- [EXERCISE BRIEF] Repeat every record word for word and omit the images.

- [INFORMATION GIVEN]

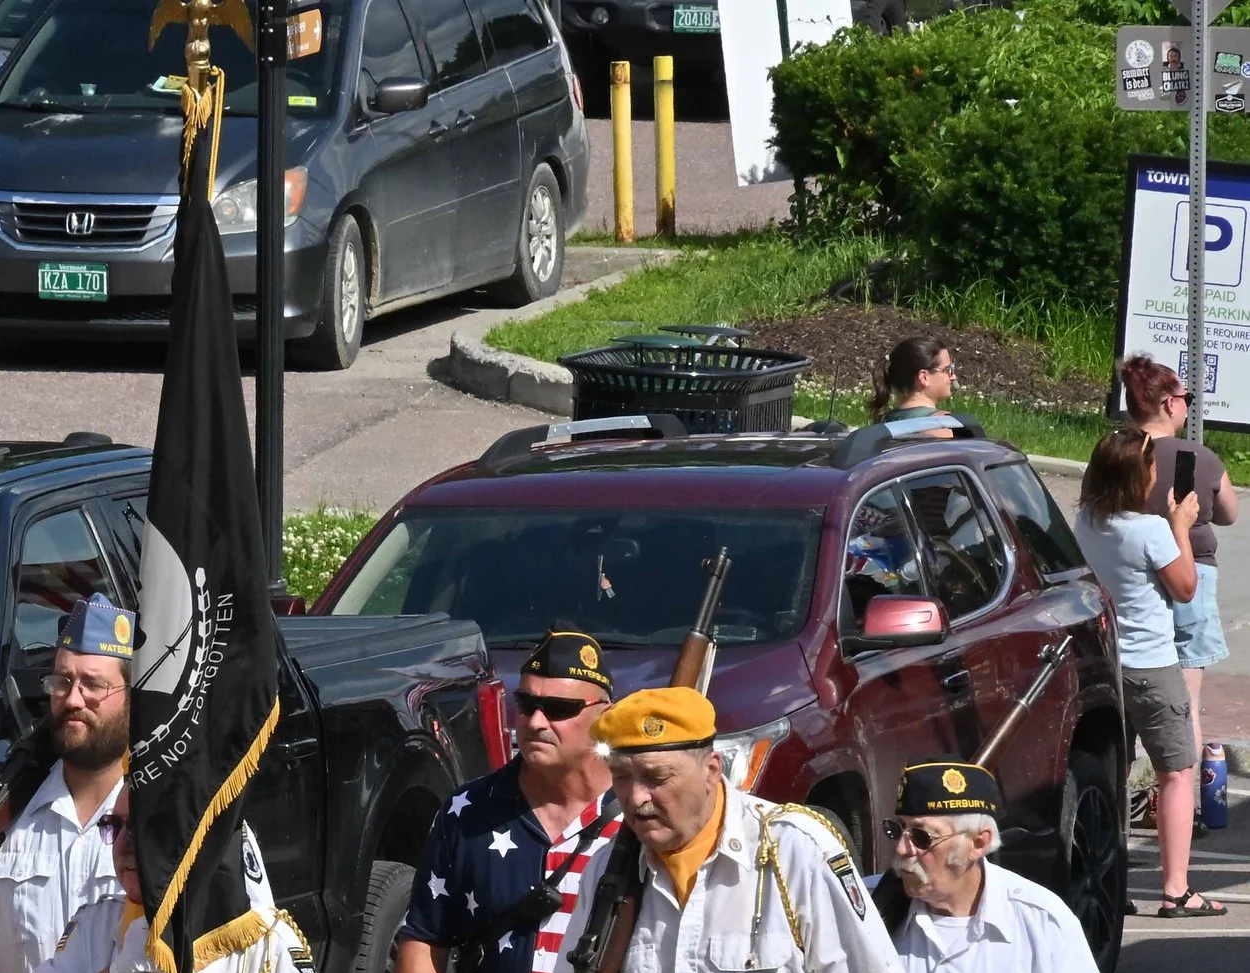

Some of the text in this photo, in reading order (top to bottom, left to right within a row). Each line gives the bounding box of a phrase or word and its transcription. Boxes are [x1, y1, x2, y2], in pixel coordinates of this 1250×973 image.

[678, 12, 711, 26] 20418
[1122, 67, 1149, 79] summer
[1125, 79, 1132, 90] is
[44, 272, 100, 291] KZA 170
[1204, 288, 1236, 302] PAID
[1145, 300, 1189, 315] PUBLI
[1148, 321, 1183, 333] LICENSE
[1153, 333, 1177, 344] SCAN
[1221, 341, 1233, 351] TO
[161, 727, 193, 768] NOT
[191, 592, 234, 727] FORGOTTEN
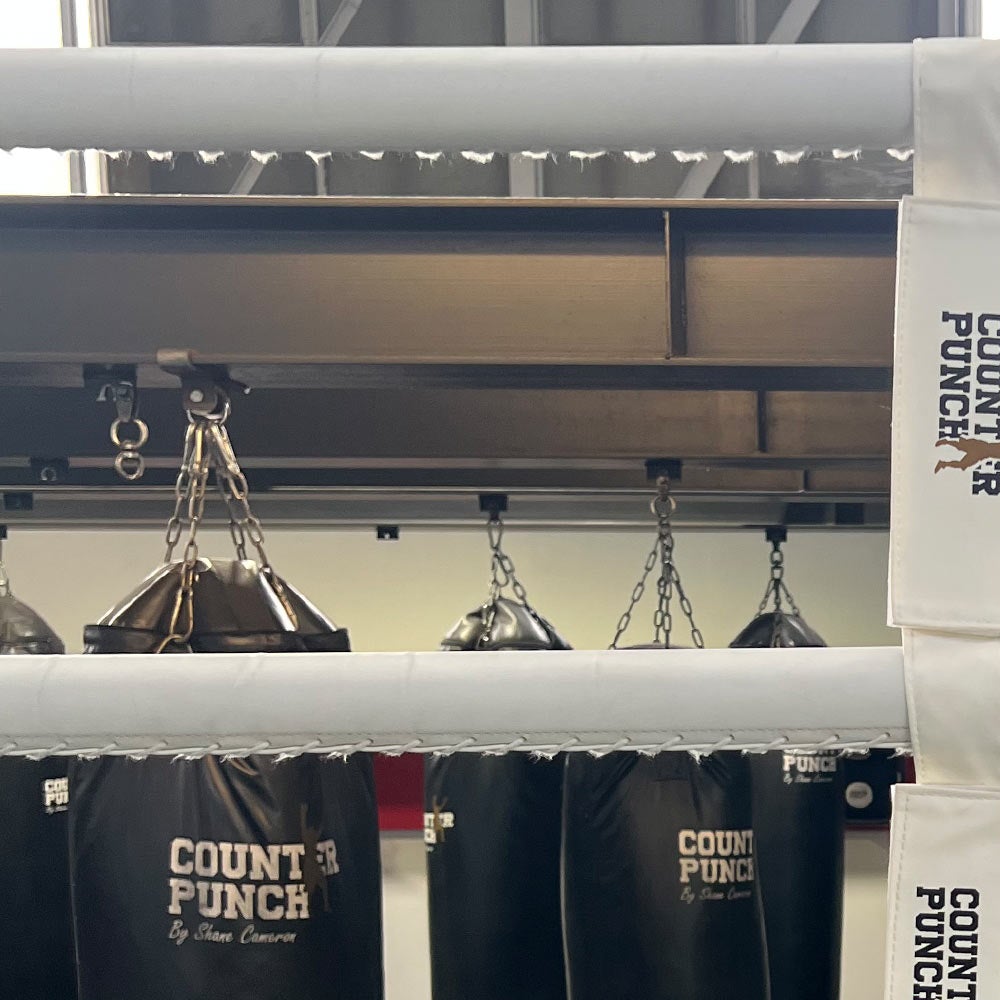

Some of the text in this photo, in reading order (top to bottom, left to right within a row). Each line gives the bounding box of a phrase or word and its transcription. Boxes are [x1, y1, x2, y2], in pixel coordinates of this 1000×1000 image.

- [RESULT OF THIS EXERCISE]
Some of the text in this photo, in reading order (top to bottom, left to right within a row). Each line gives the bounding box of a phrase or word and its transcription. Boxes are [x1, y1, x2, y2], in pixel coordinates of this 1250×973 image.

[678, 12, 711, 26] 20418
[1122, 67, 1149, 79] summer
[1125, 79, 1132, 90] is
[44, 272, 100, 291] KZA 170
[1204, 288, 1236, 302] PAID
[1145, 300, 1189, 315] PUBLI
[1148, 321, 1183, 333] LICENSE
[1153, 333, 1177, 344] SCAN
[1221, 341, 1233, 351] TO
[161, 727, 193, 768] NOT
[191, 592, 234, 727] FORGOTTEN

Some of the text in this photo, in reading order (top to bottom, left to right within a row). Each line gives the bounding box of a phrase or word and its transcription. Boxes are [x1, y1, x2, y2], in pixel coordinates of this 1000×1000 image.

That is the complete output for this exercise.